→ Images for object localization
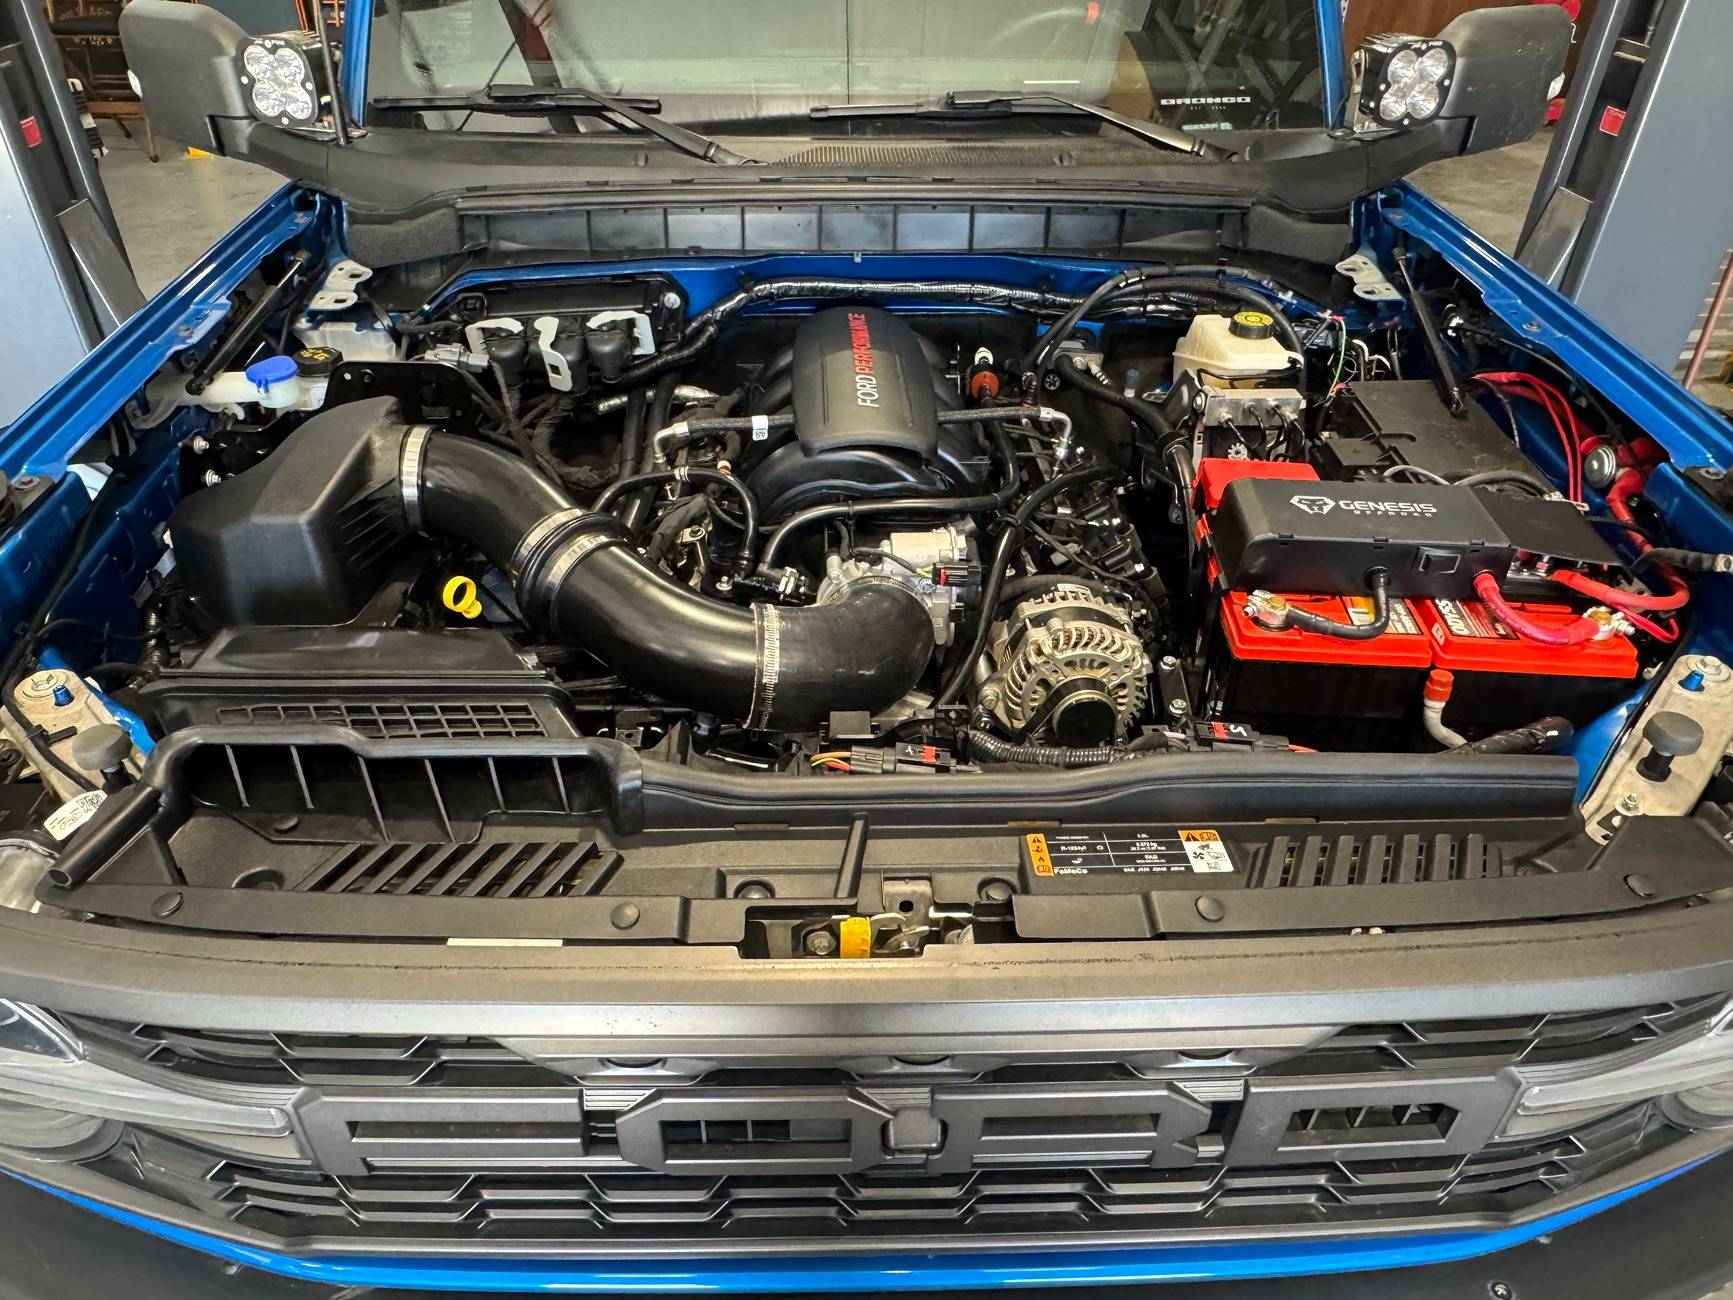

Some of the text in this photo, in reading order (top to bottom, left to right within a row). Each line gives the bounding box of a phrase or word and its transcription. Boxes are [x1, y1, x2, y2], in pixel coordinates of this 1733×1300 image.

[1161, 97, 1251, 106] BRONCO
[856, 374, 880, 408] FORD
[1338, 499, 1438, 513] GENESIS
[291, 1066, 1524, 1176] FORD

→ Goal of the exercise
The reply should hold every entry above, given again exactly, but not a single picture.

→ Result of this task
Some of the text in this photo, in reading order (top to bottom, left to right within a row). Each line gives the bounding box of a phrase or word and its transcription. Boxes are [x1, y1, x2, y2], in pixel coordinates of this 1733×1300 image.

[1161, 97, 1251, 106] BRONCO
[856, 374, 880, 408] FORD
[1338, 499, 1438, 513] GENESIS
[291, 1066, 1524, 1176] FORD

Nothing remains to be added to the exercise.